Cuando estuvo a menos de un metro pudo distinguir sus rasgos. Era una mujer, un palmo más baja que él. Vestía una especie de mono de trabajo que le estaba grande. Tenía la cabeza rapada y delante de los ojos llevaba una especie de visor oscuro, como si llevara unas gafas de sol enormes. Sobre el hombro tenía algo negro, parecido a una coleta de caballo. O como si fuese un conjunto de tubos.

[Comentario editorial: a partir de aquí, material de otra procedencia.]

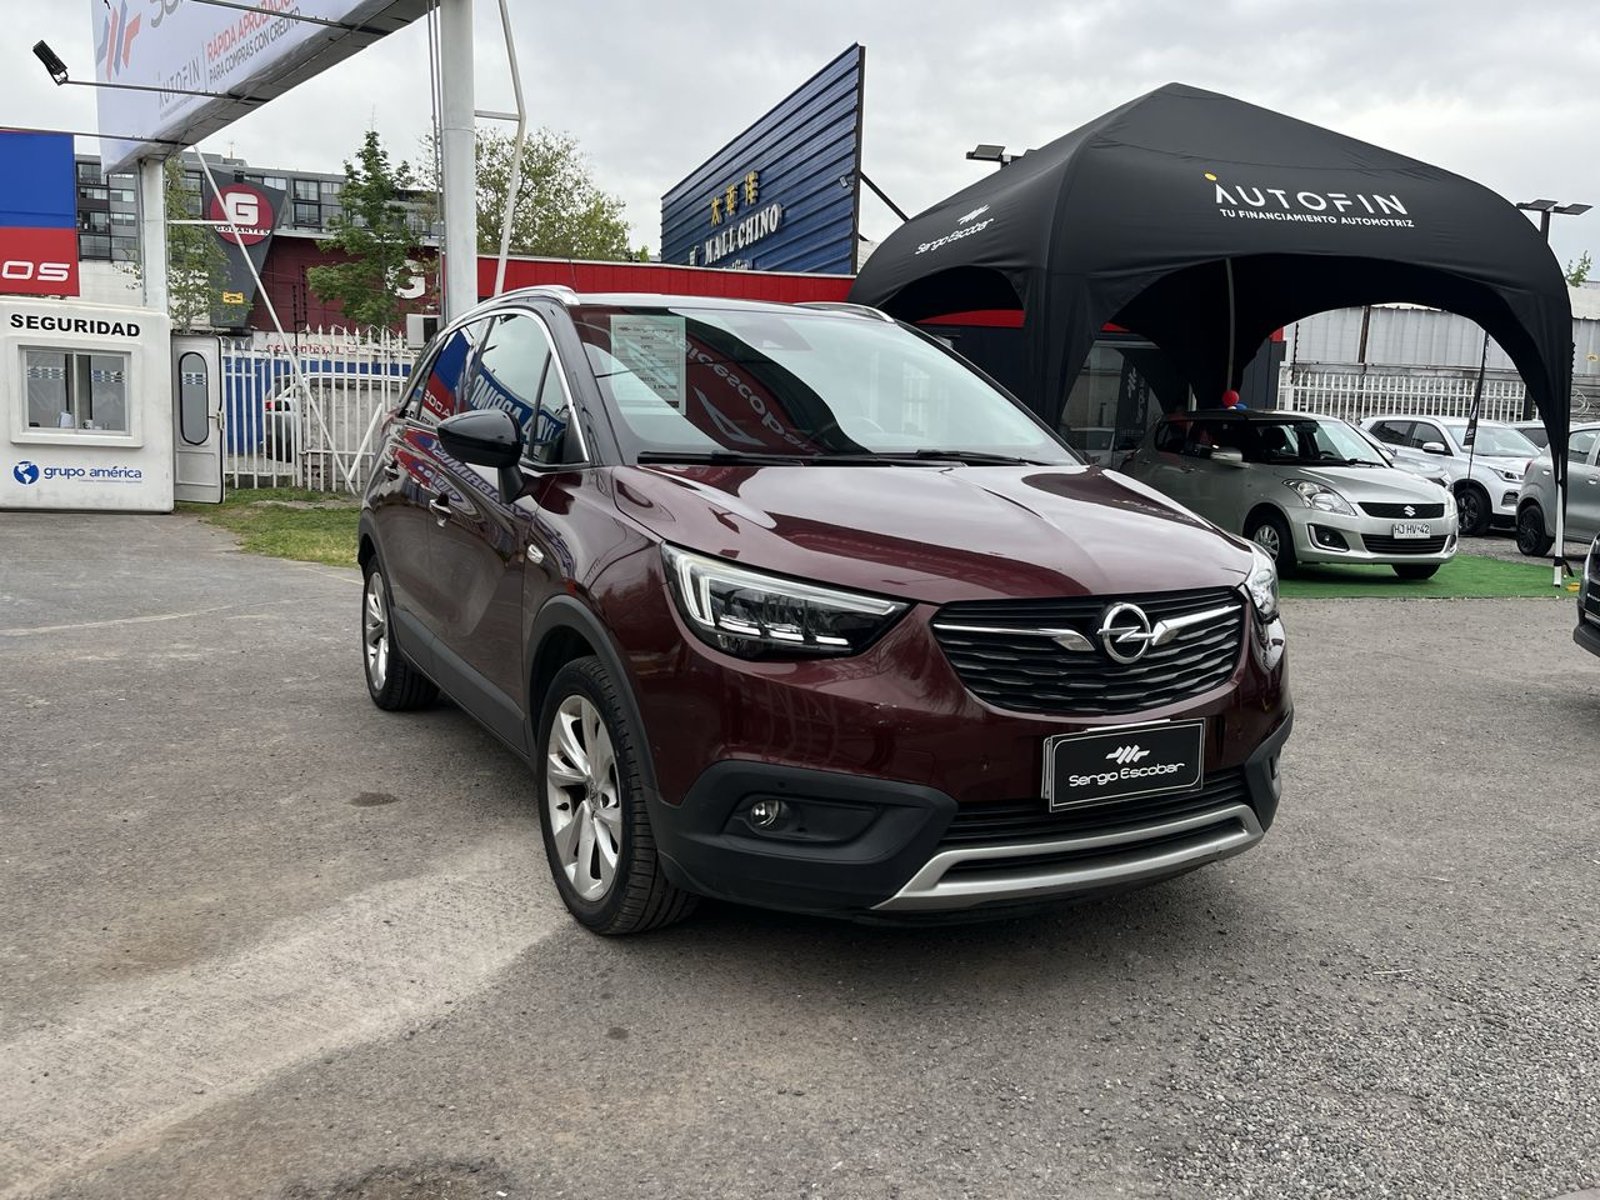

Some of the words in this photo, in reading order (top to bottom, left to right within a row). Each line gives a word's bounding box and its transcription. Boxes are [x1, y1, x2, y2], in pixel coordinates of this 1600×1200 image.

Aquella mujer era un terminal de Sys-EM3N.
Ella apenas se fijó en él, le sorteó y pasó a su lado.
Franz se detuvo, sin tener muy claro qué hacer.
—¡Eh! —gritó.
—¿Qué? —dijo con una voz ronca, como si tuviese algún problema en la garganta.
—¿A dónde cree que va? —dijo Franz. A veces un enfrentamiento frontal era la mejor forma de confundir al adversario.
—¿Qué dices? ¿Quién eres? —respondió ella.
—Usted no puede estar aquí —dijo Franz con voz decidida.
—¿Quién te crees que eres tú para decirme dónde puedo estar? —la figura se acercó a él y pudo contemplarla con más detalle. Aparte del extraño visor, llevaba un par de cables que le salían de las comisuras de la boca y giraban hacia atrás a ambos lados de su cuello— Identifícate.
Franz descargó la maza contra la sien de la terminal, por el lado que no tenía el clavo. La mujer se desestabilizó y cayó de costado. Él se lanzó hacia ella, le agarró de los cables que llevaba sobre el hombro y tiró con todas sus fuerzas. Ella gritó, pero las conexiones se mantuvieron en su sitio y casi la levantó del suelo. Soltó la maza y le dio un puñetazo en mitad el abdomen. Ella emitió un quejido sordo.
La posó sobre el suelo del todo con un giro brusco, le plantó el pie en medio del pecho y tiró del mazo de cables. Con un ruido carnoso notó cómo se iban desprendiendo de uno en uno. La terminal dijo algo, pero no entendió nada. Siguió tirando y los cables se acabaron de soltar de la parte delantera, permaneciendo amarrados a la nuca. Franz la mantuvo así, colgando con el cuello retorcido, durante un instante, para soltarla después. La mujer se desplomó como un saco contra el suelo.
Franz agarró su maza con una mano y con la otra se echó a la mujer al hombro, comprobando que pesaba menos de lo que se esperaba; se dio la vuelta, corrió hasta el principio del puente y rodeó la tapia, bajando por la cuesta, que era de tierra suelta. Un olor a cieno le avisó que un río no andaba muy lejos.
Ya oculto, soltó a la terminal sobre el suelo embarrado. Le arrancó el visor de los ojos y se acercó mucho para poder verle la cara: tenía unas ojeras profundas y los labios despellejados. Balbuceaba algo ininteligible.
Franz la abofeteó para despertarla. Después de unos cuantos sopapos abrió los ojos. Uno de ellos lo tenía inyectado en sangre.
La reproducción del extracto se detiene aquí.